Artikel

12 Dalil Anjuran Merayakan Maulid Nabi

30 Oct 2020 01:07 WIB
2396
.
12 Dalil Anjuran Merayakan Maulid Nabi

Perayaan Maulid Nabi Muhammad SAW selalu menjadi polemik tiada henti yang terus dibicarakan umat Islam di dunia khususnya di Indonesia.

Tanpa berlarut dalam perdebatan tak berguna itu, kami perlu menyuguhkan 12 dalil diperbolehkannya perayaan Maulid Nabi Muhammad SAW untuk menjawab pertanyaan tentang dalil merayakan hari kelahiran Baginda Rasulullah.

Pertama: Perayaan Maulid sebagai Bukti Cinta dan Bahagia

Merayakan hari kelahiran Nabi dengan memperingatinya adalah bukti cinta, bahagia, dan senang atas diutusnya Nabi penyebar kasih sayang, Nabi Muhammad SAW. Diriwayatkan dalam kitab Sahih Bukhari bahwa Abu Lahab, paman nabi yang sangat memusuhi dan memerangi nabi, diberikan keringanan azab di setiap hari senin. Apa sebabnya? Karena pada saat kelahiran Baginda Rasulullah SAW, Abu Lahab merasa senang dan bahagia.
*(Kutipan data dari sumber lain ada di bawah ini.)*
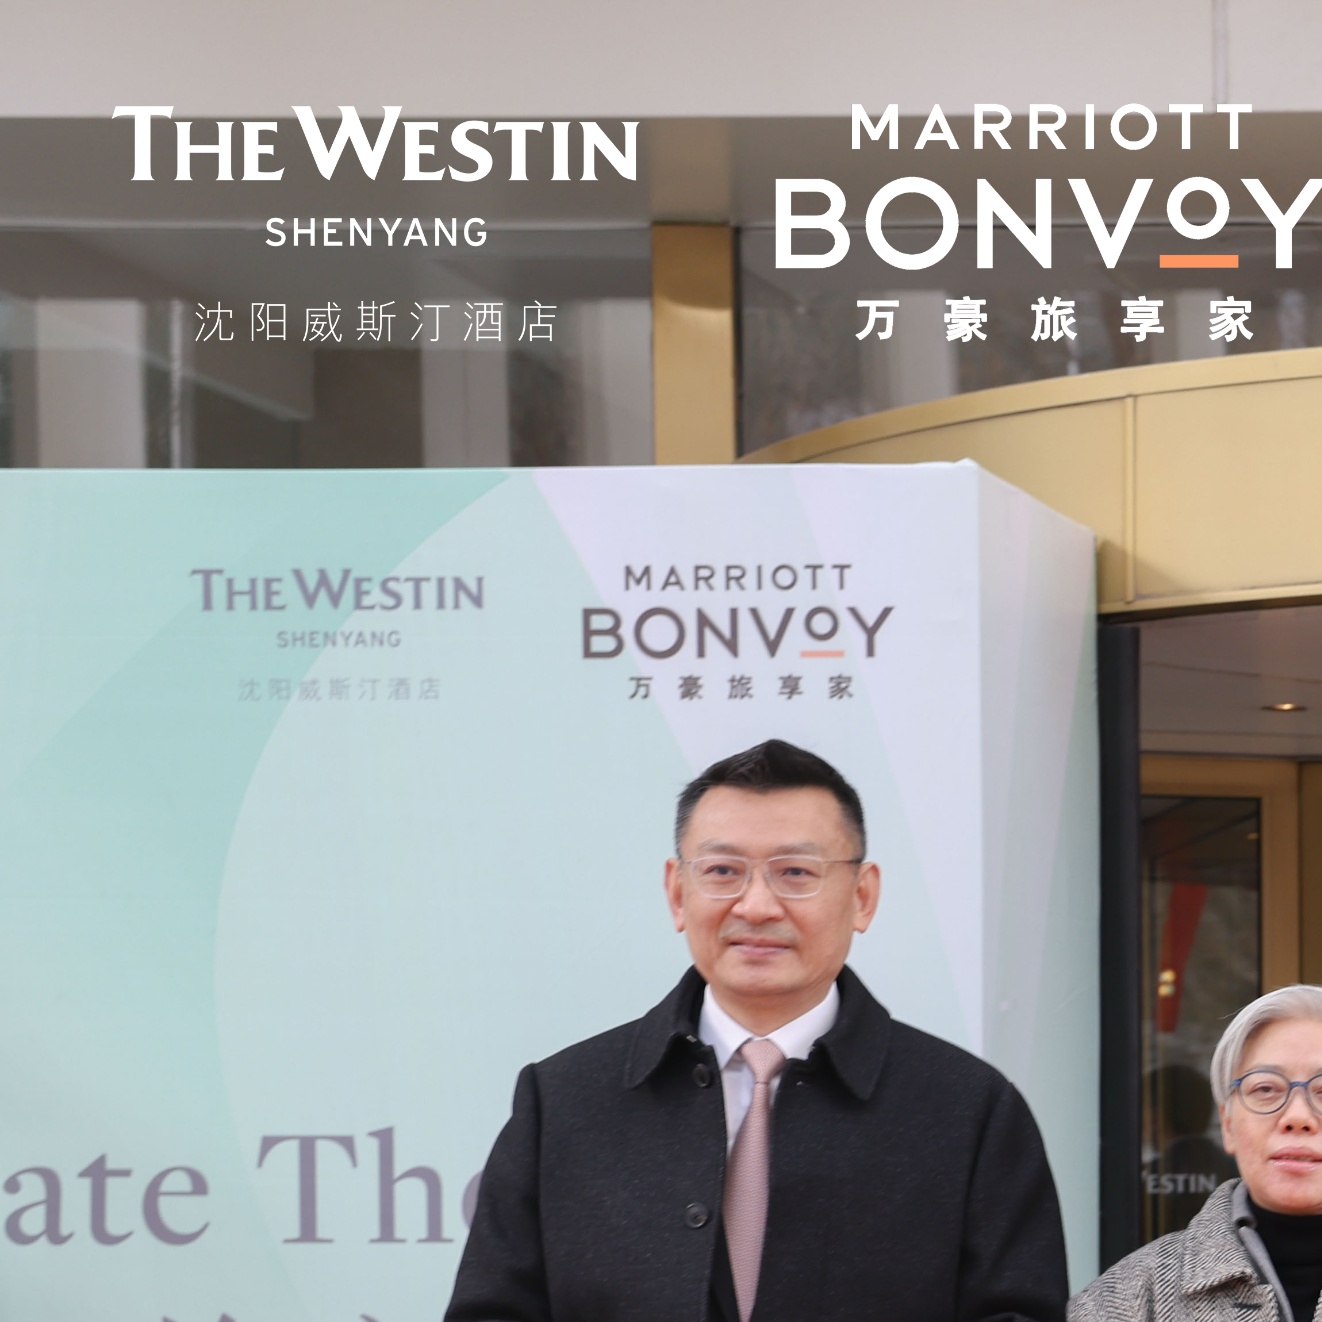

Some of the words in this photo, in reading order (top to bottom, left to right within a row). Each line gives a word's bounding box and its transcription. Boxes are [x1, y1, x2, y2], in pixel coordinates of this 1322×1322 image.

Jika Abu Lahab yang kafir, merasa senang dan bahagia dengan kelahiran Rasul, lantas bagaimana sepatutnya yang harus dirasakan oleh seseorang yang sepanjang hidupnya adalah seorang muslim?

Kedua: Nabi Muhammad Selalu Mengagungkan Hari Kelahirannya

Beliau menumpahkan rasa syukurnya dengan berpuasa. Diriwayatkan dari Abu Qatadah, bahwa Baginda Rasul pernah ditanyakan tentang puasa pada hari Senin. Lalu beliau menjawab, “Pada hari itu, aku dilahirkan dan aku diturunkan.”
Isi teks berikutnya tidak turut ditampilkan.